WORK ITEM
Nothing but the text of the records belongs in your answer: repeat all of it exactly and leave out the images.

DATASET ENTRIES: Begin

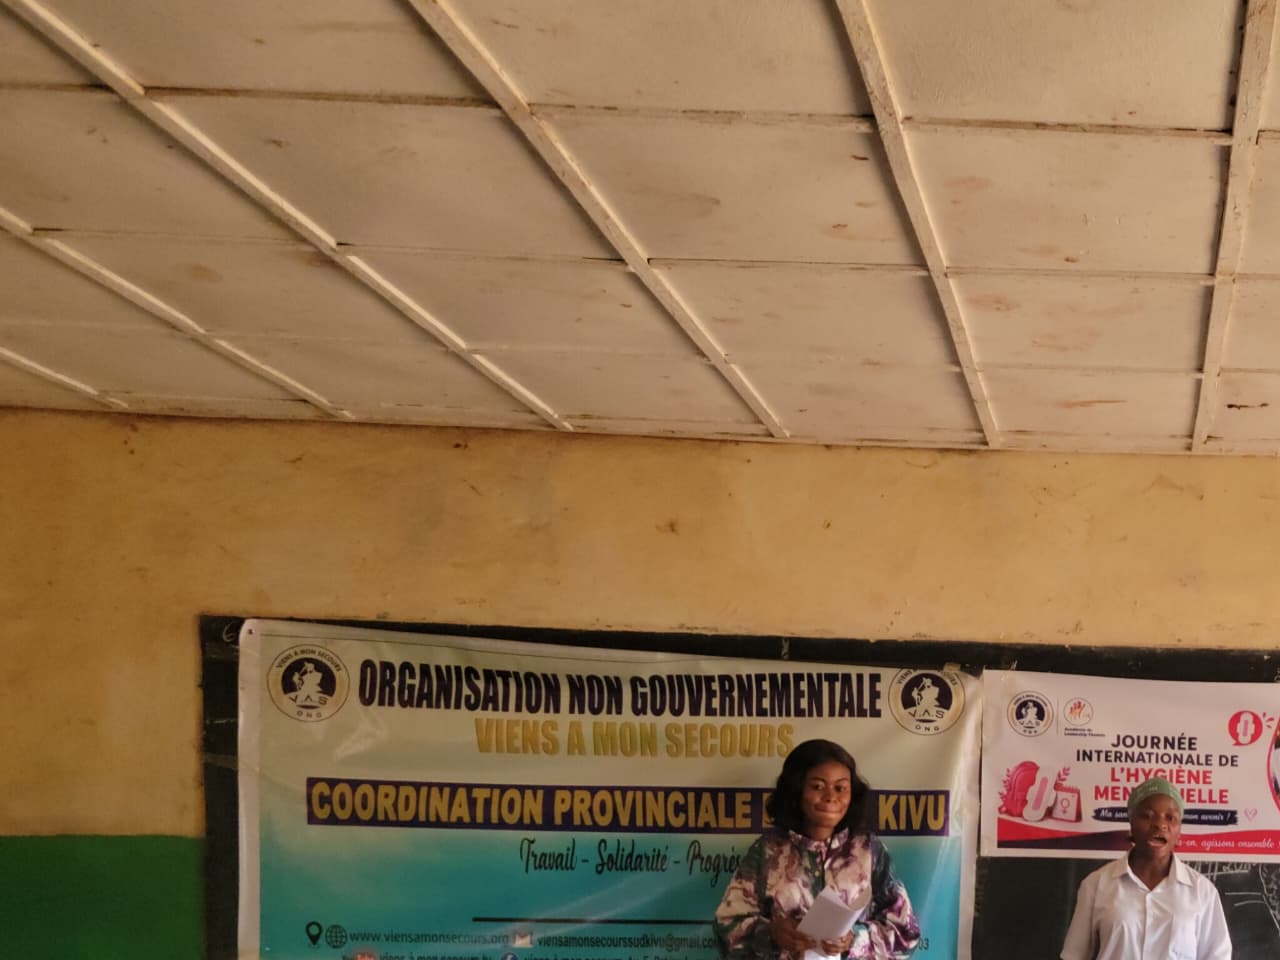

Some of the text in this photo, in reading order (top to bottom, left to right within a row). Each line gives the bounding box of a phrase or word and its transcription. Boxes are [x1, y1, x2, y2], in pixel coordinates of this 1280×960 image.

[358, 658, 882, 718] ORGANISATION NON GOUVERNEMENTALE
[474, 716, 795, 760] VIENS A MON SECOURS
[1110, 733, 1198, 751] JOURNÉE
[1076, 749, 1239, 767] INTERNATIONALE DE
[1110, 766, 1213, 785] L'HYGIÈNE
[311, 780, 544, 825] COORDINATION
[554, 788, 752, 828] PROVINCIALE
[878, 793, 946, 832] KIVU
[519, 837, 577, 874] Travail
[595, 838, 668, 875] Solidarité
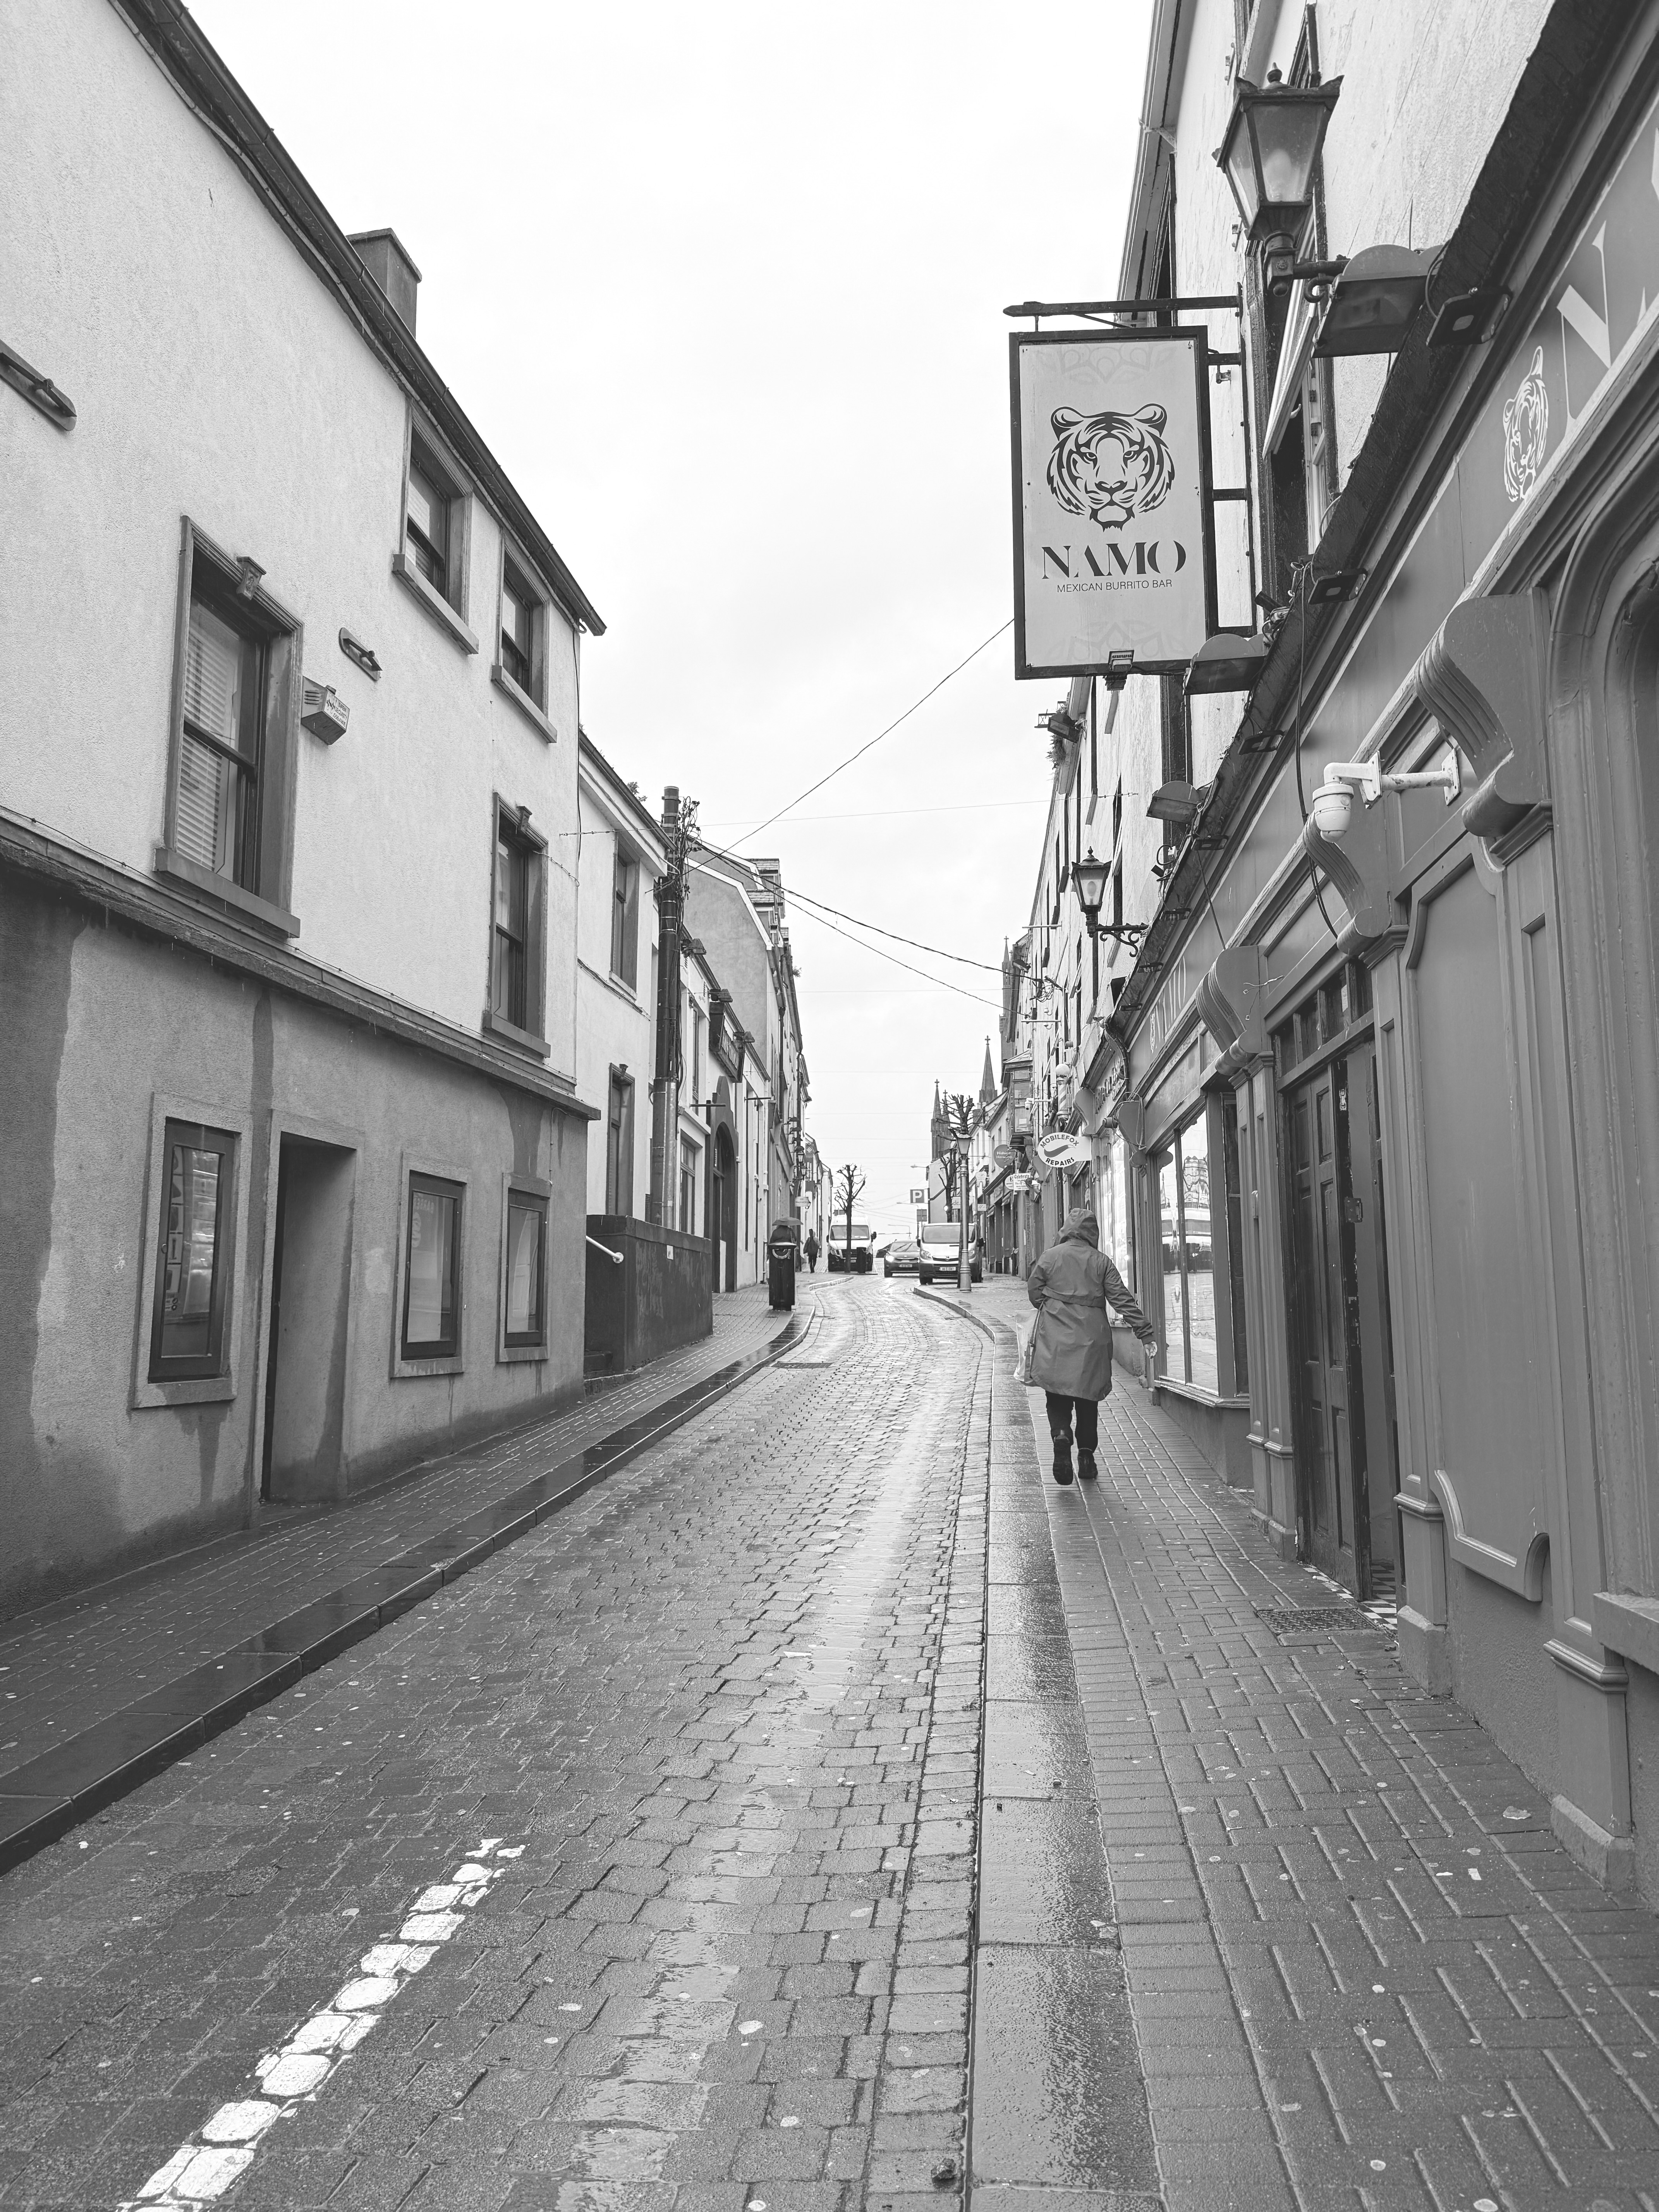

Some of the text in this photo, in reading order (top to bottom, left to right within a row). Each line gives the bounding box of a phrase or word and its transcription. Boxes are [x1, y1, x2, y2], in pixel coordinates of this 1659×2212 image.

[1042, 541, 1186, 579] NAMO
[1057, 579, 1172, 593] MEXICAN BURRITO BAR
[1040, 1134, 1079, 1148] MOBILEFOX
[1046, 1157, 1074, 1166] REPAIRS
[912, 1190, 922, 1203] P
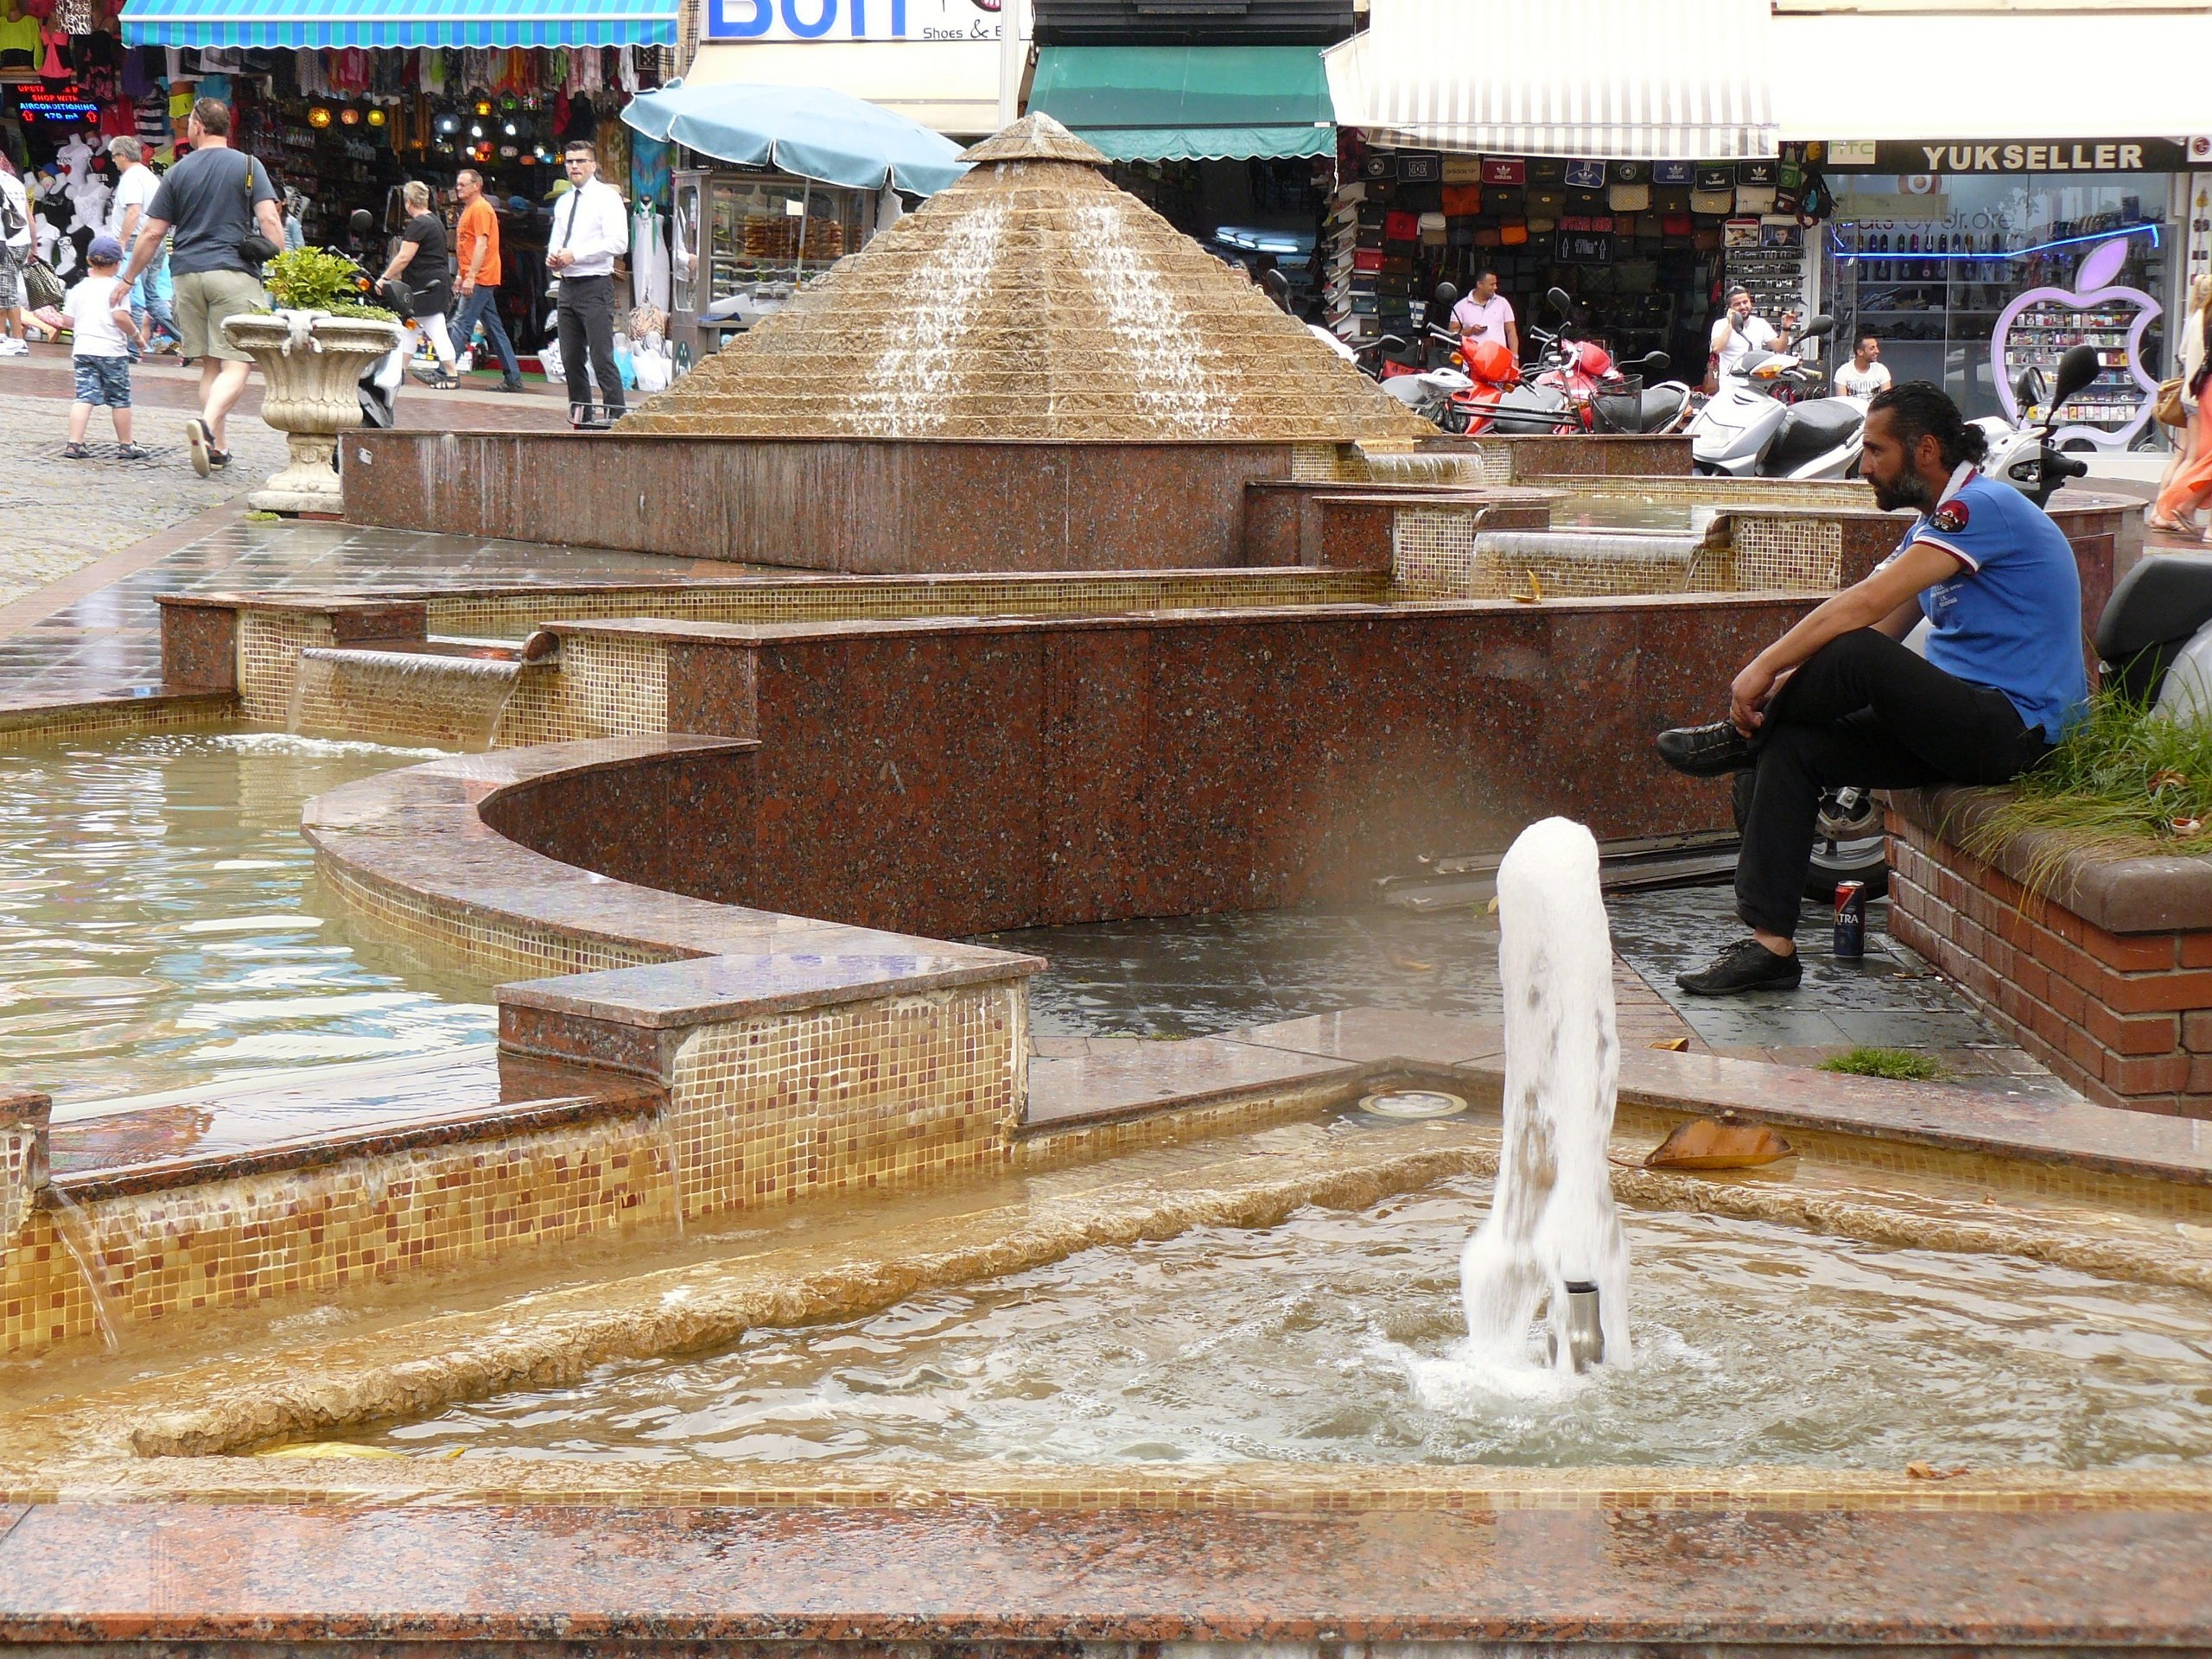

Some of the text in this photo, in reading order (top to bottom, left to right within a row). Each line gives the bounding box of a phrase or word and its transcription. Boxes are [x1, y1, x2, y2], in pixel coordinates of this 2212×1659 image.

DATASET ENTRIES: End

EXERCISE RESULT
Some of the text in this photo, in reading order (top to bottom, left to right within a row). Each line gives the bounding box of a phrase or word and its transcription. Boxes are [x1, y1, x2, y2], in pixel coordinates of this 1280×960 image.

[358, 658, 882, 718] ORGANISATION NON GOUVERNEMENTALE
[474, 716, 795, 760] VIENS A MON SECOURS
[1110, 733, 1198, 751] JOURNÉE
[1076, 749, 1239, 767] INTERNATIONALE DE
[1110, 766, 1213, 785] L'HYGIÈNE
[311, 780, 544, 825] COORDINATION
[554, 788, 752, 828] PROVINCIALE
[878, 793, 946, 832] KIVU
[519, 837, 577, 874] Travail
[595, 838, 668, 875] Solidarité

Some of the text in this photo, in reading order (top to bottom, left to right within a row). Each line gives the bounding box of a phrase or word and its transcription. Boxes are [x1, y1, x2, y2], in pixel coordinates of this 1659×2212 image.

[1042, 541, 1186, 579] NAMO
[1057, 579, 1172, 593] MEXICAN BURRITO BAR
[1040, 1134, 1079, 1148] MOBILEFOX
[1046, 1157, 1074, 1166] REPAIRS
[912, 1190, 922, 1203] P

Some of the text in this photo, in reading order (top to bottom, left to right within a row). Each line gives the bounding box of a phrase or word and its transcription. Boxes are [x1, y1, x2, y2], in pixel coordinates of this 2212×1659 image.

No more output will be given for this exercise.